● Task objective
Every record must be transcribed in its entirety, apart from the images, which are to be omitted.
----- Records provided -----
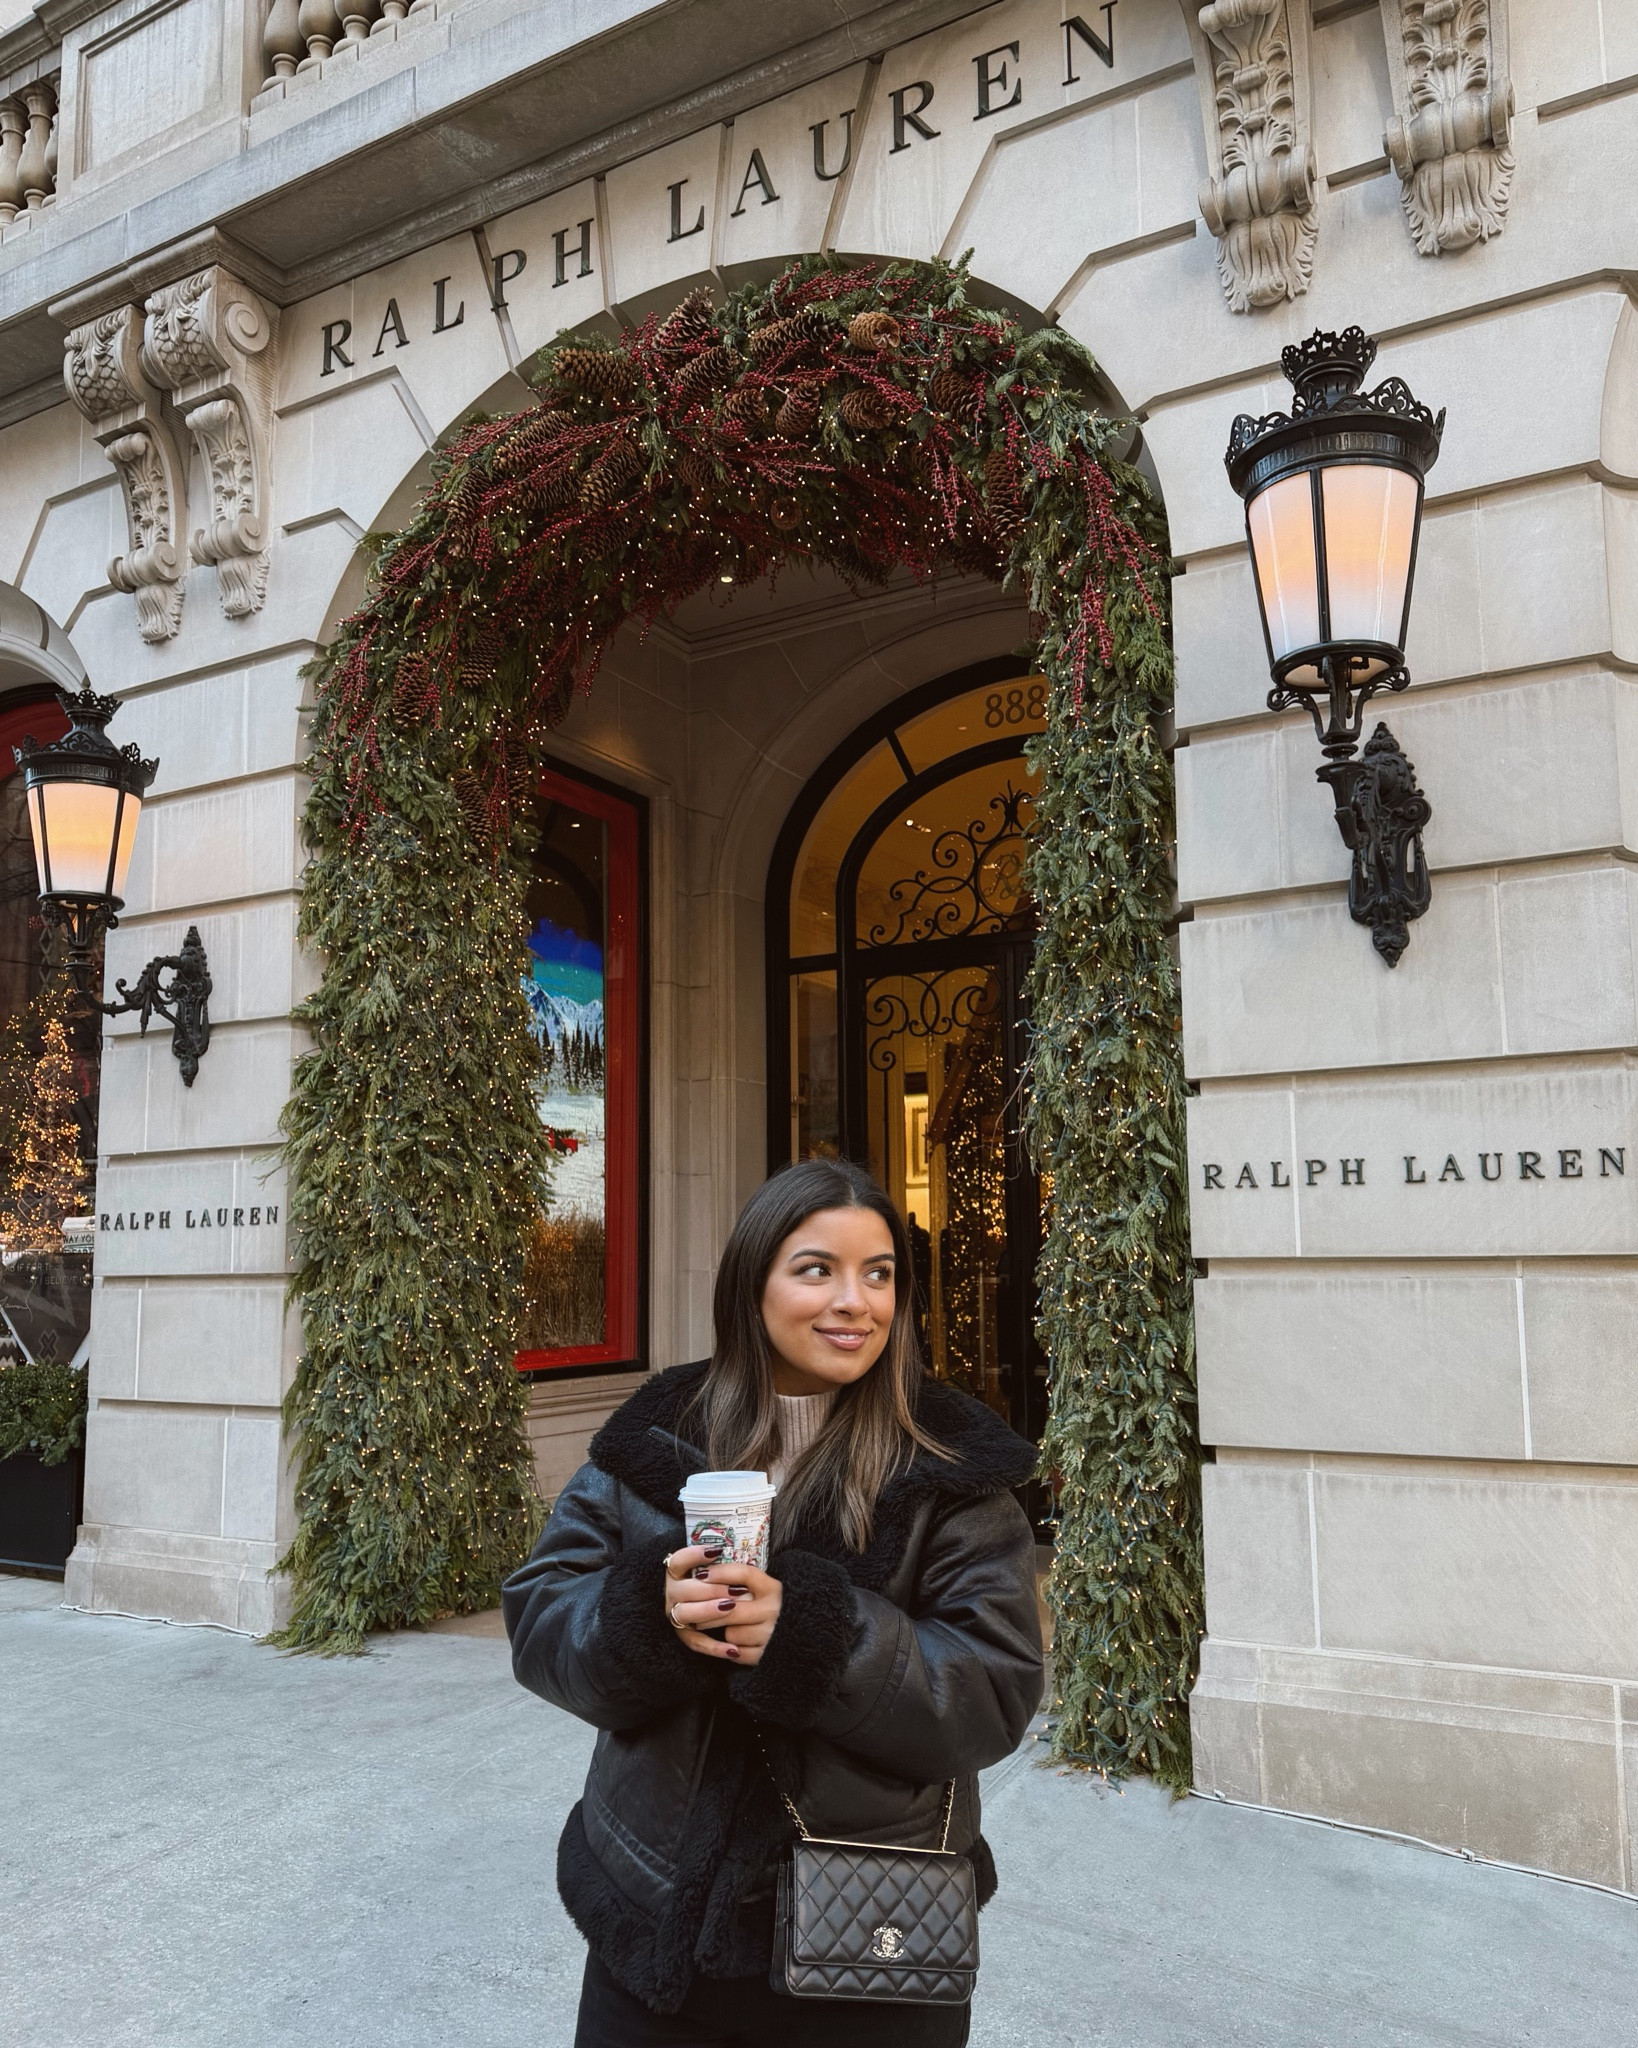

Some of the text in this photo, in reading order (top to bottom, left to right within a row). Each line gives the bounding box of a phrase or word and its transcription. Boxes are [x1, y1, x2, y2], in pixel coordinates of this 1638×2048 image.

[320, 0, 1118, 377] RALPH LAUREN
[984, 684, 1046, 729] 888
[1202, 1146, 1627, 1190] RALPH LAUREN
[99, 1206, 279, 1231] RALPH LAUREN
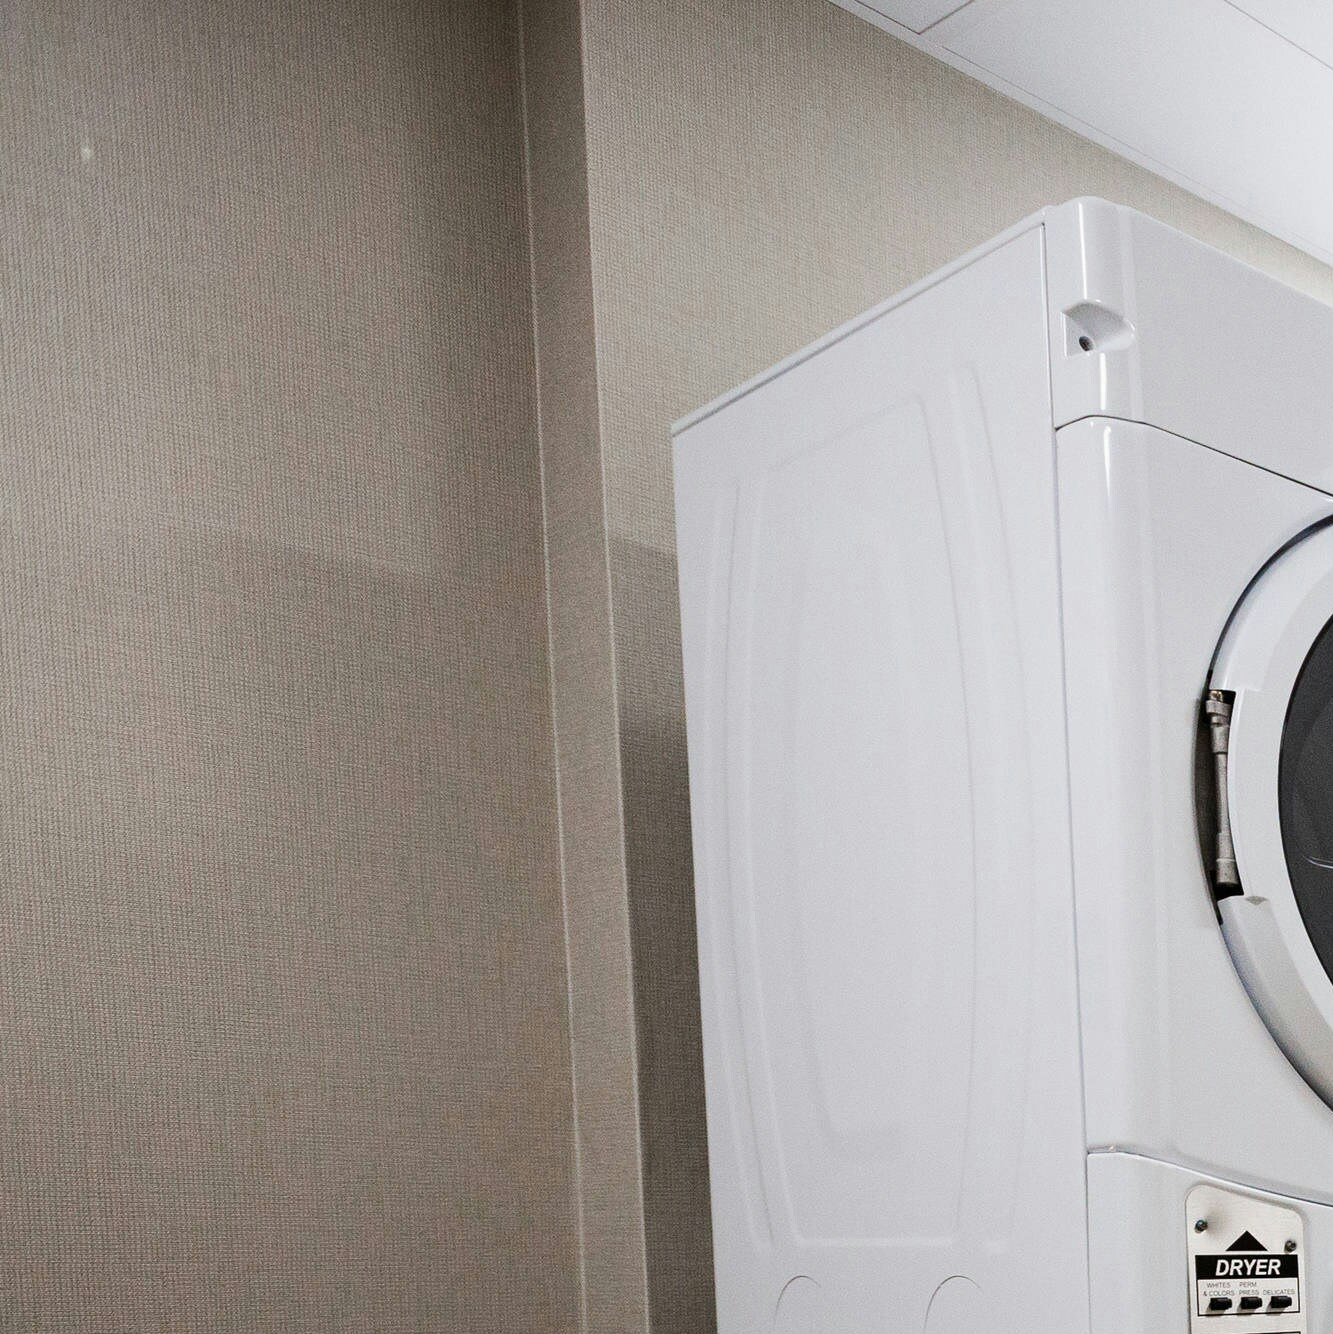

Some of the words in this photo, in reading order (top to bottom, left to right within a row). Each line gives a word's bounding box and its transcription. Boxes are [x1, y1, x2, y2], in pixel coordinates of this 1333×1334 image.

[1215, 1258, 1281, 1276] DRYER
[1208, 1289, 1235, 1297] COLORS
[1262, 1288, 1296, 1296] DELICATES
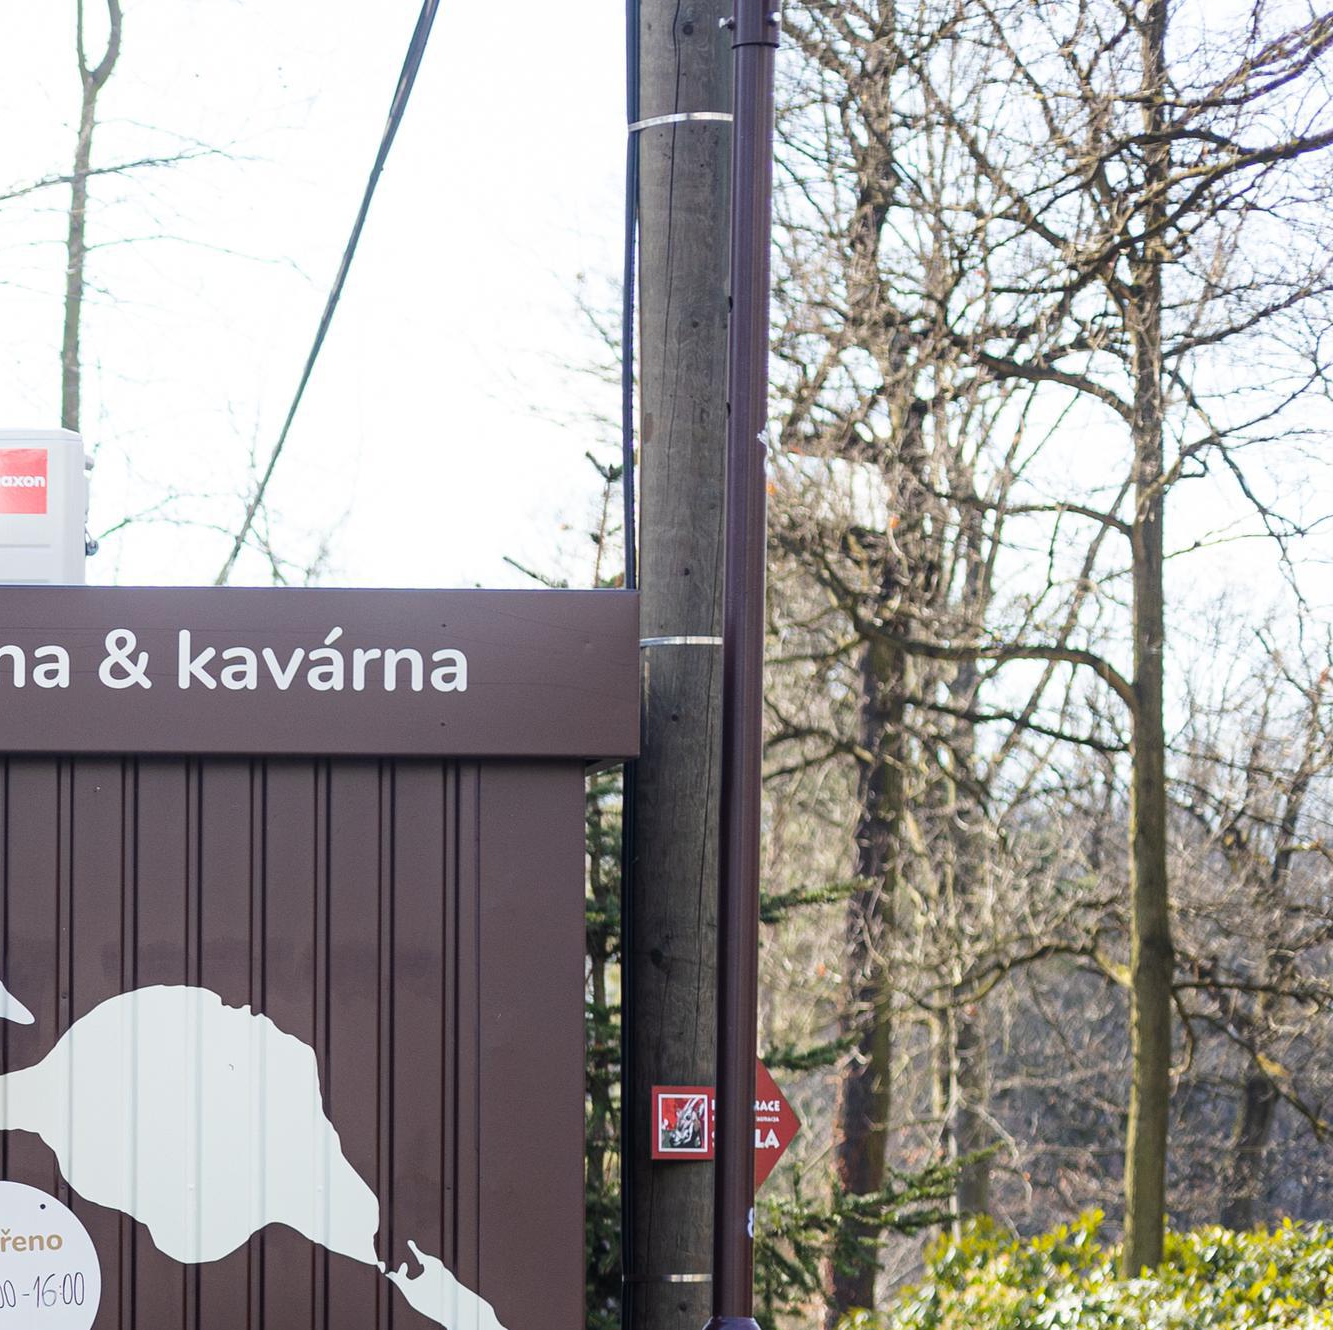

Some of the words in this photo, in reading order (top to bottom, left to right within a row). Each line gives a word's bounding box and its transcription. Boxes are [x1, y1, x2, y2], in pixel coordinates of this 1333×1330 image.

[97, 630, 153, 689] &
[175, 626, 471, 693] kavárna
[33, 1271, 85, 1308] 16:00
-----
● Result of this exercise
Some of the text in this photo, in reading order (top to bottom, left to right within a row). Each line gives the bounding box of a phrase or word and its transcription. Boxes are [x1, y1, x2, y2], in pixel coordinates of this 1638×2048 image.

[320, 0, 1118, 377] RALPH LAUREN
[984, 684, 1046, 729] 888
[1202, 1146, 1627, 1190] RALPH LAUREN
[99, 1206, 279, 1231] RALPH LAUREN

Some of the words in this photo, in reading order (top to bottom, left to right within a row). Each line gives a word's bounding box and its transcription. Boxes are [x1, y1, x2, y2], in pixel coordinates of this 1333×1334 image.

[1215, 1258, 1281, 1276] DRYER
[1208, 1289, 1235, 1297] COLORS
[1262, 1288, 1296, 1296] DELICATES

Some of the words in this photo, in reading order (top to bottom, left to right within a row). Each line gives a word's bounding box and its transcription. Boxes are [x1, y1, x2, y2], in pixel coordinates of this 1333×1330 image.

[97, 630, 153, 689] &
[175, 626, 471, 693] kavárna
[33, 1271, 85, 1308] 16:00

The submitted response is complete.